# CfMM Database Schema Check

In [1]:
# Import libraries
import sqlite3
import pandas as pd

# Set pandas params
pd.set_option('display.max_columns', None)
pd.set_option('display.expand_frame_repr', False)

## Initialize db connections

In [2]:
db_path = 'cfmm_db.db'
conn = sqlite3.connect(db_path)

## What tables are inside CfMM db?

In [3]:
sql_query = "SELECT name AS table_name, type FROM sqlite_master WHERE type='table'"
schema_df = pd.read_sql_query(sql_query, conn)
schema_df

Unnamed: 0,table_name,type
0,sqlite_sequence,table
1,users,table
2,articles,table
3,article_analyses,table
4,analysis_revisions,table
5,cfmm_db_data,table
6,topic_list,table
7,processed_articles,table


## Parsing Table Contents, Keys and Data Types

In [4]:
import sqlite3
import pandas as pd

def profile_database(db_path):
    """
    Profiles the SQLite database to gather schema information for ERD creation.
    
    Args:
        db_path (str): Path to the SQLite database.
    
    Returns:
        dict: A dictionary containing schema details (tables, columns, and relationships).
    """
    # Connect to the database
    conn = sqlite3.connect(db_path)
    schema_info = {}

    # Get all table names
    tables_query = "SELECT name FROM sqlite_master WHERE type='table';"
    tables = pd.read_sql_query(tables_query, conn)['name'].tolist()

    for table in tables:
        # Get column information for each table
        schema_info[table] = {'columns': [], 'foreign_keys': []}
        pragma_query = f"PRAGMA table_info({table});"
        columns = pd.read_sql_query(pragma_query, conn)
        for _, row in columns.iterrows():
            schema_info[table]['columns'].append({
                'name': row['name'],
                'type': row['type'],
                'not_null': bool(row['notnull']),
                'default': row['dflt_value'],
                'primary_key': bool(row['pk']),
            })

        # Get foreign key relationships for each table
        pragma_foreign_query = f"PRAGMA foreign_key_list({table});"
        foreign_keys = pd.read_sql_query(pragma_foreign_query, conn)
        for _, fk_row in foreign_keys.iterrows():
            schema_info[table]['foreign_keys'].append({
                'from_column': fk_row['from'],
                'to_table': fk_row['table'],
                'to_column': fk_row['to'],
            })

    conn.close()
    return schema_info

def generate_lucidchart_erd(schema_info):
    """
    Generates Lucidchart-compatible schema information for creating an ERD.
    
    Args:
        schema_info (dict): Database schema details.
    """
    print("Tables and Columns:")
    for table, details in schema_info.items():
        print(f"Table: {table}")
        for column in details['columns']:
            pk = " (PK)" if column['primary_key'] else ""
            print(f"  - {column['name']} ({column['type']}){pk}")
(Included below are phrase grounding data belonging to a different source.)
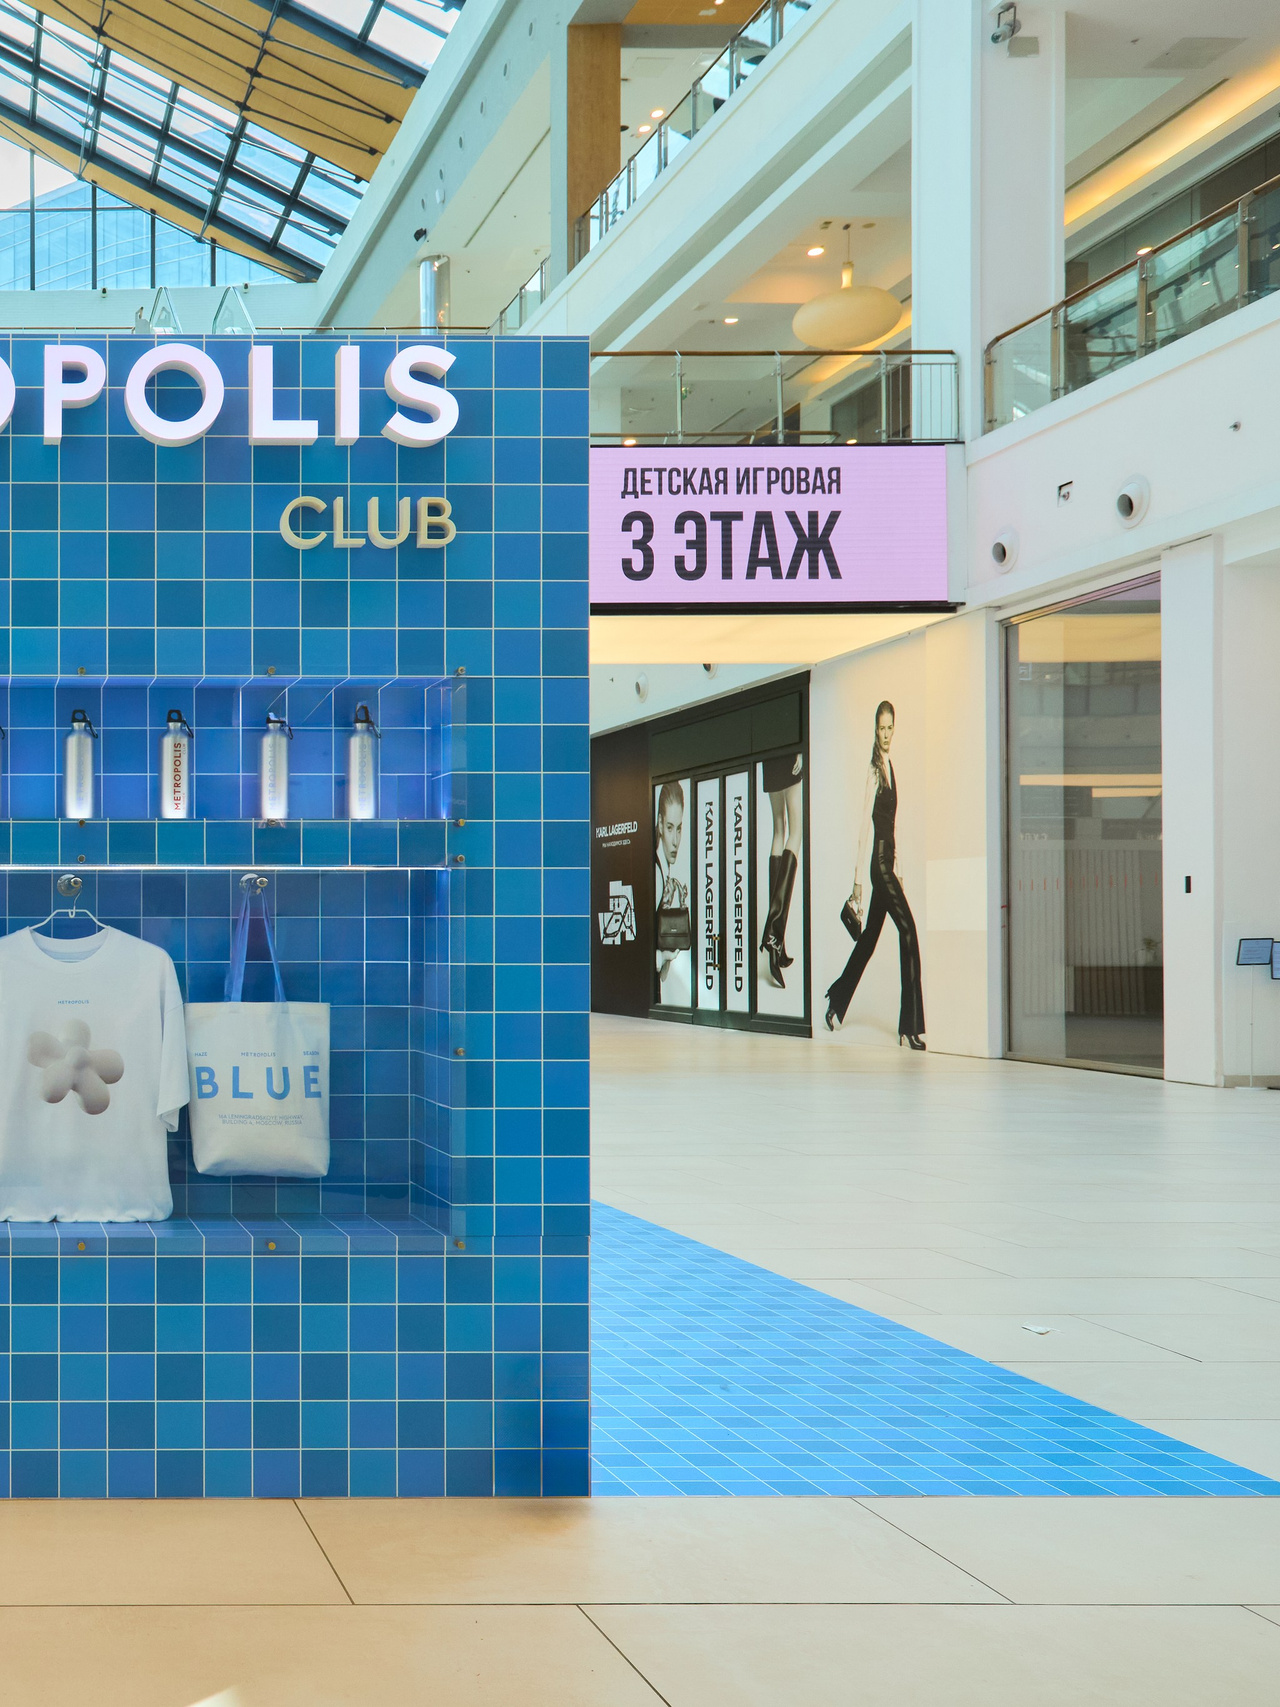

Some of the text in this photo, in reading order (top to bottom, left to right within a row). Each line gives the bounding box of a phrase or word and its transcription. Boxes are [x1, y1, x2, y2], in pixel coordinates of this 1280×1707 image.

[621, 467, 841, 499] ДЕТСКАЯ ИГРОВАЯ
[280, 495, 457, 549] CLUB
[621, 511, 842, 581] 3 ЭТАЖ
[173, 742, 182, 810] METROPOLIS
[596, 821, 638, 838] KARL LAGERFELD
[705, 801, 713, 991] KARL LAGERFELD
[734, 796, 742, 992] KARL LAGERFELD
[195, 1065, 322, 1100] BLUE
        if details['foreign_keys']:
            print("  Foreign Keys:")
            for fk in details['foreign_keys']:
                print(f"    - {fk['from_column']} -> {fk['to_table']}.{fk['to_column']}")
    print("\nUse the above information to create tables, columns, and relationships in Lucidchart.")
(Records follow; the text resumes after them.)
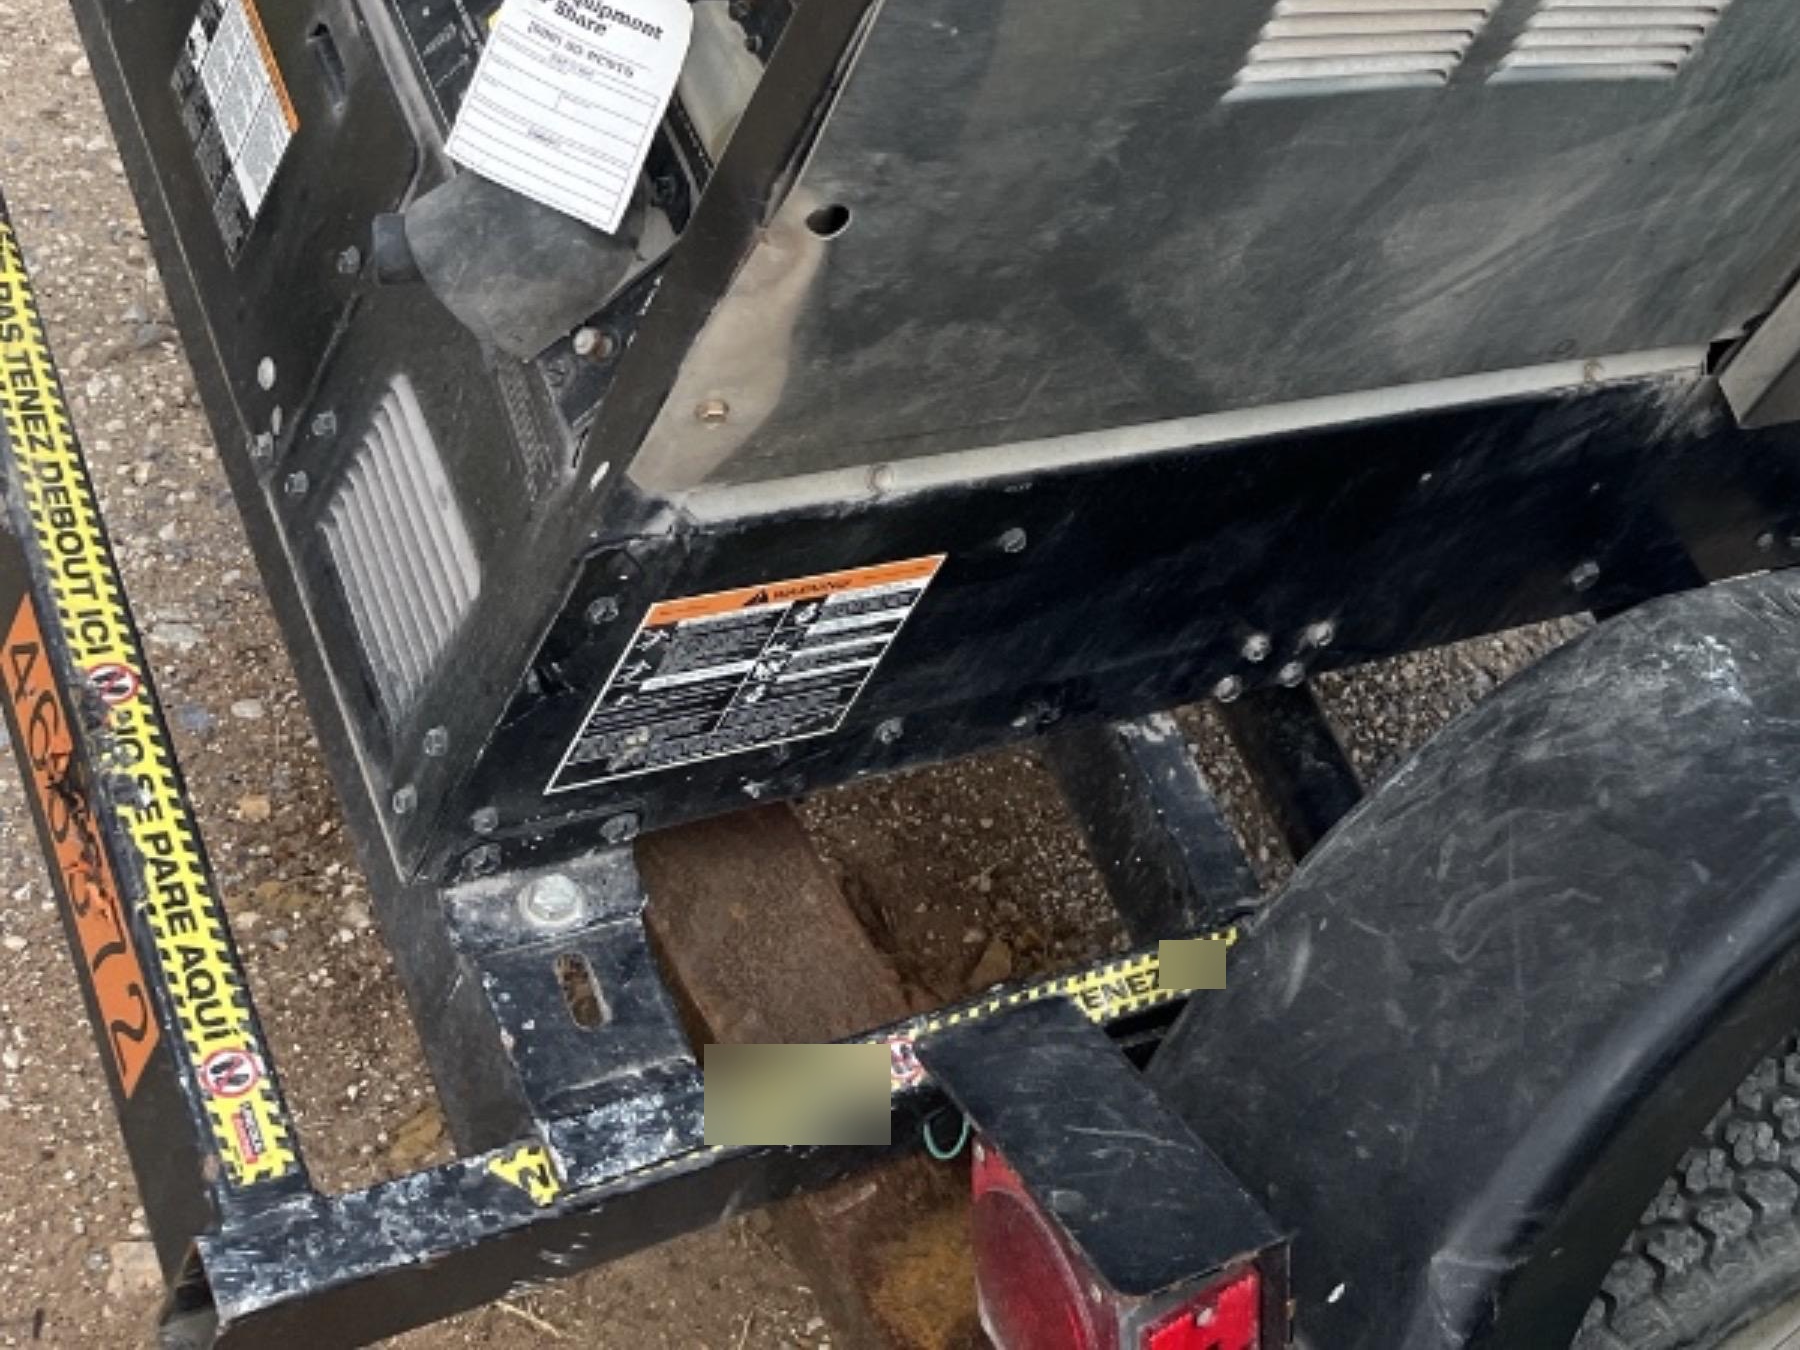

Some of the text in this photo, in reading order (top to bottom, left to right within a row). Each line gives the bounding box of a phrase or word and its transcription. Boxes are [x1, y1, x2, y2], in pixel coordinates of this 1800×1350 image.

[554, 0, 608, 36] Share
[6, 353, 54, 454] TENEZ
[36, 462, 99, 604] DEBOUT
[75, 607, 116, 657] ICI
[141, 829, 199, 937] PARE
[176, 942, 243, 1044] AQUÍ
# Path to the SQLite database
db_path = 'cfmm_db.db'

# Profile the database
schema_info = profile_database(db_path)

# Generate output for Lucidchart
generate_lucidchart_erd(schema_info)


Tables and Columns:
Table: sqlite_sequence
  - name ()
  - seq ()
Table: users
  - user_id (INTEGER) (PK)
  - email (VARCHAR(255))
  - password_hash (VARCHAR(255))
  - full_name (VARCHAR(100))
  - created_at (DATETIME)
  - last_login (DATETIME)
  - is_active (BOOLEAN)
  - role (VARCHAR(50))
Table: articles
  - article_id (INTEGER) (PK)
  - publish_date (DATE)
  - url (TEXT)
  - publisher (VARCHAR(255))
  - headline (TEXT)
  - article_text (TEXT)
  - created_at (DATETIME)
  - created_by (INTEGER)
  - location (VARCHAR(255))
  Foreign Keys:
    - created_by -> users.user_id
Table: article_analyses
  - analysis_id (INTEGER) (PK)
  - article_id (INTEGER)
  - negative_aspects (VARCHAR(20))
  - negative_aspects_analysis (TEXT)
  - generalization (VARCHAR(20))
  - generalization_analysis (TEXT)
  - omit_due_prominence (VARCHAR(20))
  - omit_due_prominence_analysis (TEXT)
  - headline_bias (VARCHAR(20))
  - headline_bias_analysis (TEXT)
  - misrepresentation (VARCHAR(20))
  - misrepresentation

## Table Preview

### 1. `users` Table

In [5]:
sql_query = "SELECT * FROM users"
pd.read_sql_query(sql_query, conn).head()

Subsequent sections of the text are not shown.